Set down only what runs from the line containing "Some of the words" through the last line of the data, exactly as it reads.

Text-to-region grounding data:

Segment Open

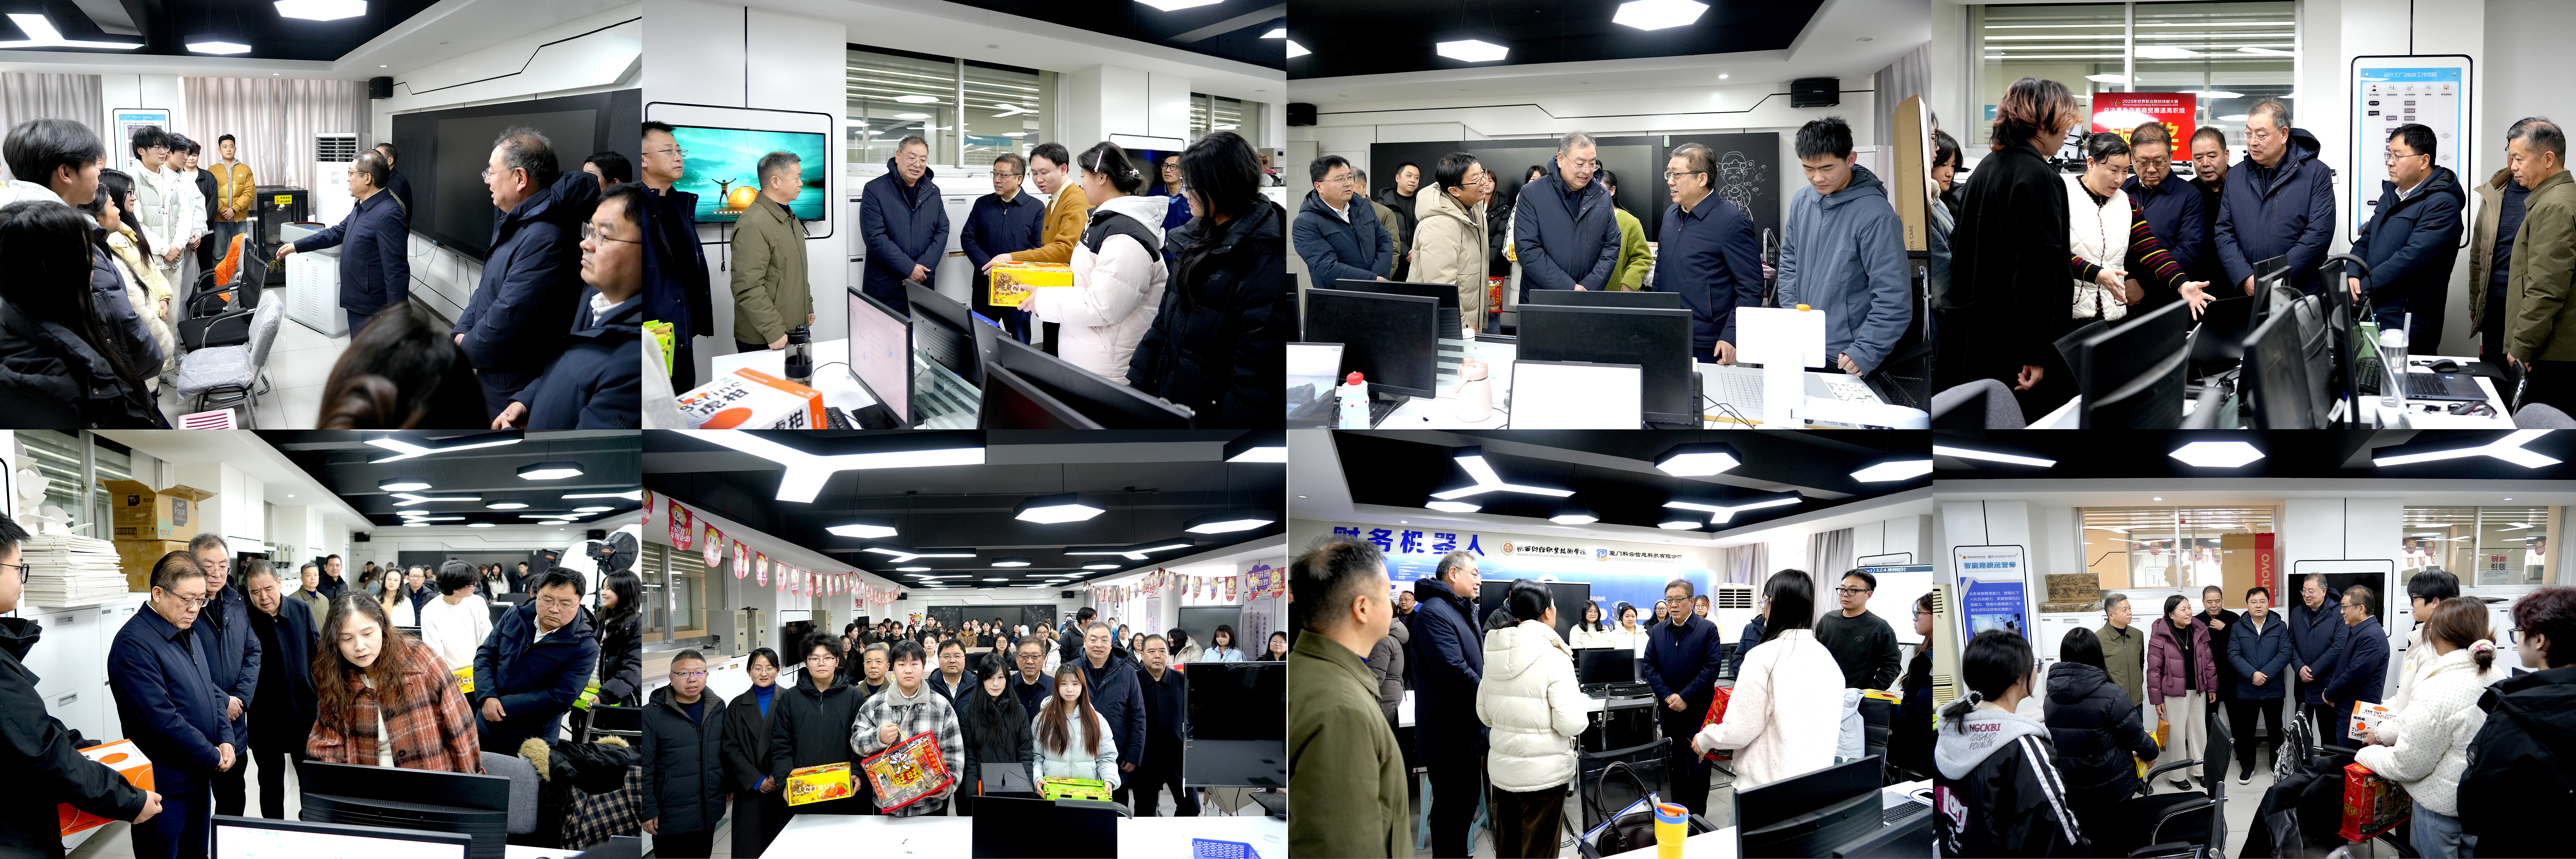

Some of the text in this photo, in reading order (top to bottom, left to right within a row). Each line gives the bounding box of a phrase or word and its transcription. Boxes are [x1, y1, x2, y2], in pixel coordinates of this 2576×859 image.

[175, 507, 185, 515] Face
[670, 526, 691, 536] 华为云双11
[670, 531, 691, 542] 年终钜惠
[1334, 526, 1485, 557] 财务机器人
[925, 747, 941, 771] 送礼送旺旺
[895, 767, 919, 785] 旺旺
[804, 782, 835, 793] CITRUS
[869, 773, 884, 797] 礼旺意更旺
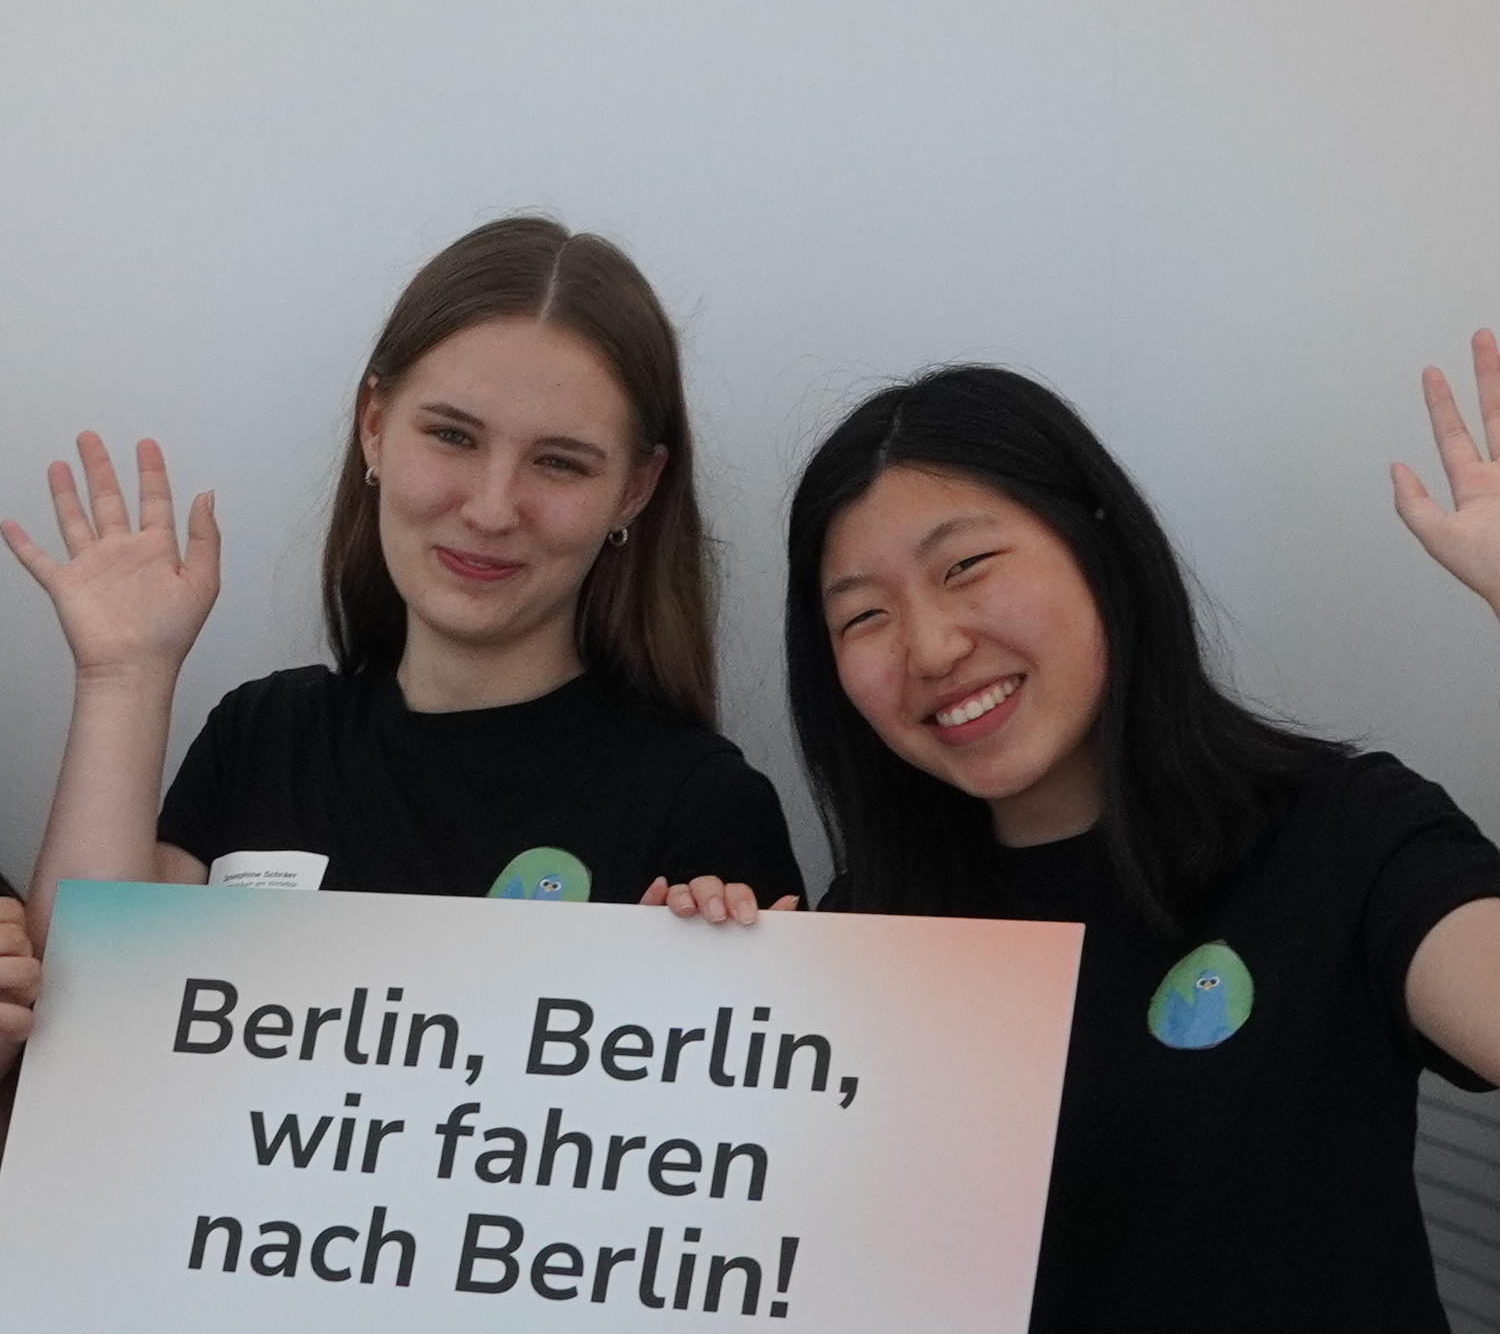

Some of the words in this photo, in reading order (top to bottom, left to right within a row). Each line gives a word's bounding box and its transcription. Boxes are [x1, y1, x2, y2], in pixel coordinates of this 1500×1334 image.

[172, 977, 485, 1087] Berlin,
[525, 996, 861, 1110] Berlin,
[249, 1092, 405, 1175] wir
[434, 1103, 769, 1202] fahren
[187, 1205, 417, 1288] nach
[454, 1212, 801, 1319] Berlin!

Segment Closed

[RESULT]:
Some of the words in this photo, in reading order (top to bottom, left to right within a row). Each line gives a word's bounding box and its transcription. Boxes are [x1, y1, x2, y2], in pixel coordinates of this 1500×1334 image.

[172, 977, 485, 1087] Berlin,
[525, 996, 861, 1110] Berlin,
[249, 1092, 405, 1175] wir
[434, 1103, 769, 1202] fahren
[187, 1205, 417, 1288] nach
[454, 1212, 801, 1319] Berlin!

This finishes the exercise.